Advocacy-wise, medical practitioners are insufficiently educated about pain, and I want to change that. Despite knowing that “opioids are non-addictive” was false marketing, doctors are still biased that some pill out there must be the pain cure. We also are trained to fix things, so if someone still has ANY pain we think it’s a failure, rather than a part of life. This means we don’t pay attention enough to good evidence-based things that help incrementally. And even if doctors know the options that help, if the system doesn’t pay for them, but it does pay for opioids, doctors feel awkward suggesting self-pay things like magnesium or massage.
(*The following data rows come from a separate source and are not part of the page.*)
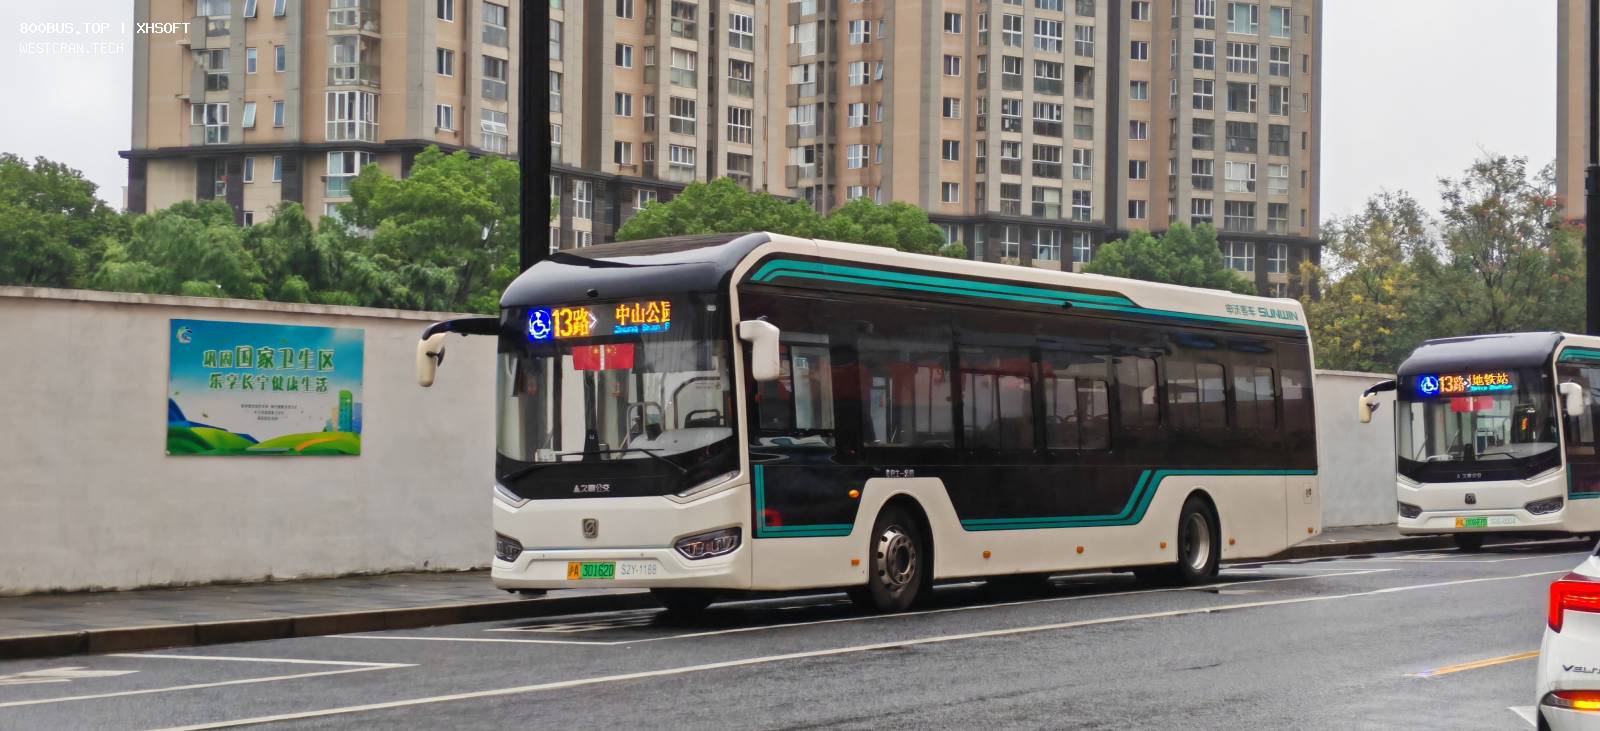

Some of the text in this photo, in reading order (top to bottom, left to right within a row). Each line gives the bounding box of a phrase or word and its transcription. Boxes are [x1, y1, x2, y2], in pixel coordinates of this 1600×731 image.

[1258, 305, 1299, 320] SUNWIN
[552, 307, 590, 337] 13路
[1439, 375, 1465, 392] 13路
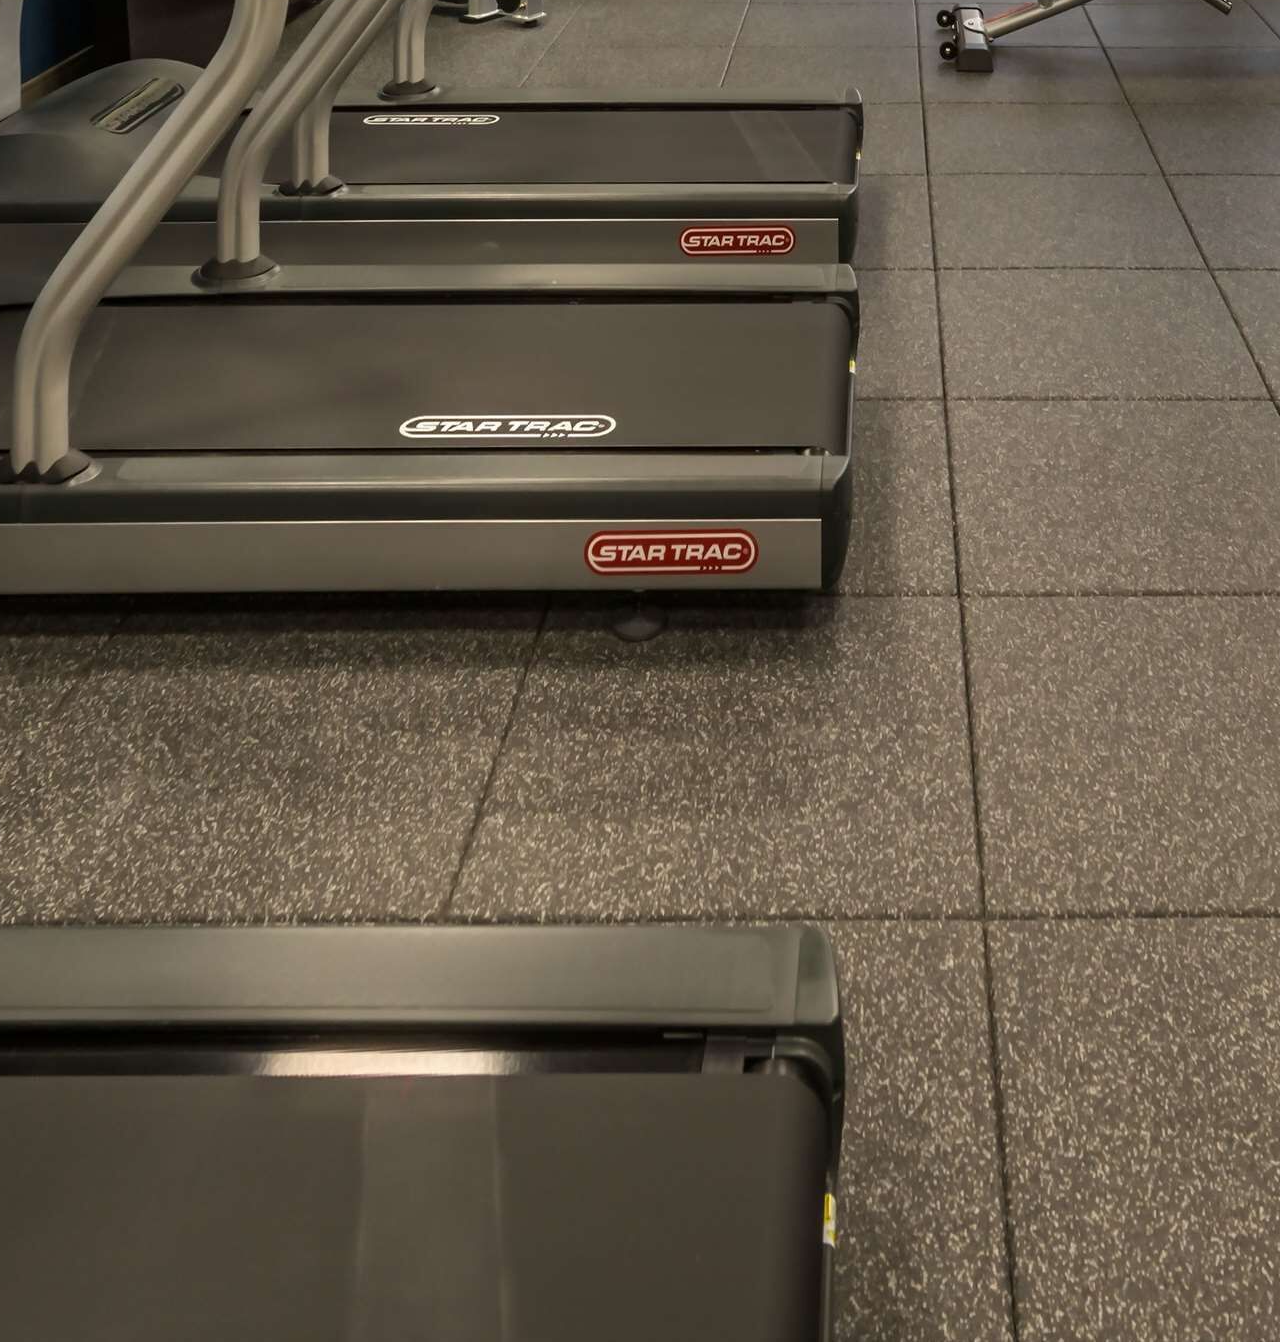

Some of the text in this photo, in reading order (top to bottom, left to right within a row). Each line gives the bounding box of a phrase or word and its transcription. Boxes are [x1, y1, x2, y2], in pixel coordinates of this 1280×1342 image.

[686, 235, 785, 247] STAR TRAC
[410, 420, 600, 433] STAR TRAC
[596, 543, 743, 562] STAR TRAC
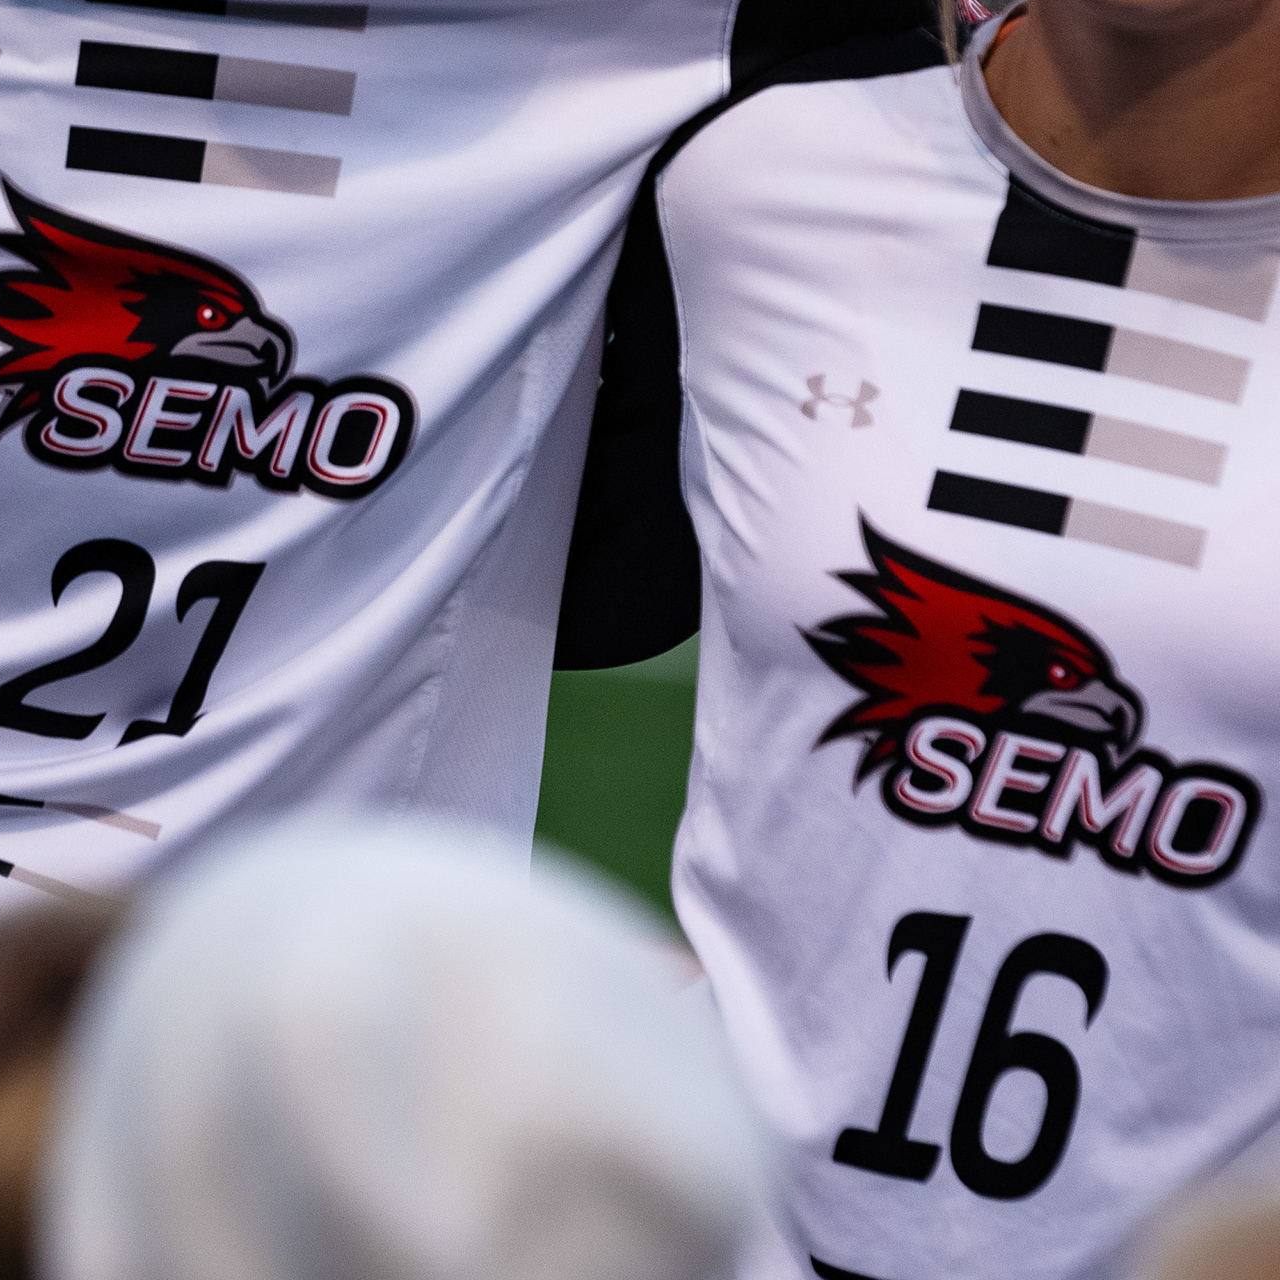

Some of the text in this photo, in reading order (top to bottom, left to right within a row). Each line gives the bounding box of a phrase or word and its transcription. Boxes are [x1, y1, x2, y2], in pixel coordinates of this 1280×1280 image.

[40, 366, 403, 487] SEMO
[894, 715, 1249, 876] SEMO
[832, 910, 1111, 1202] 16
Because writing prescriptions is our superpower, dentists, nurse practitioners, and doctors (in that order) historically over-prescribe opioids. Every year, about 70% of those home pills cause new opioid use disorder. Many practitioners think opioids kind of flip a pain switch to off. What I’ve learned only recently is that opioids activate a reward system, enabling pain to persist while diminishing its emotional impact.
Individuals who develop opioid use disorder tend to be particularly sensitive to their neurotransmitter rewards: they get a bigger dopamine rush. This is why the leftovers in medicine cabinets are such a big contributor to OUD.
The pendulum swing is to avoid opioids entirely, including in surgical scenarios. However, research by David Borsock underscores the point that even when a patient is sedated and experiences pain, the impact of pain endures within the brain. Therefore, addressing pain during surgery is imperative. Likewise, if pain remains untreated, especially severe pain or pain coupled with fear in traumatic situations, people develop more PTSD and chronic pain. This is where opioids initially play a vital role, particularly within the first 48 hours.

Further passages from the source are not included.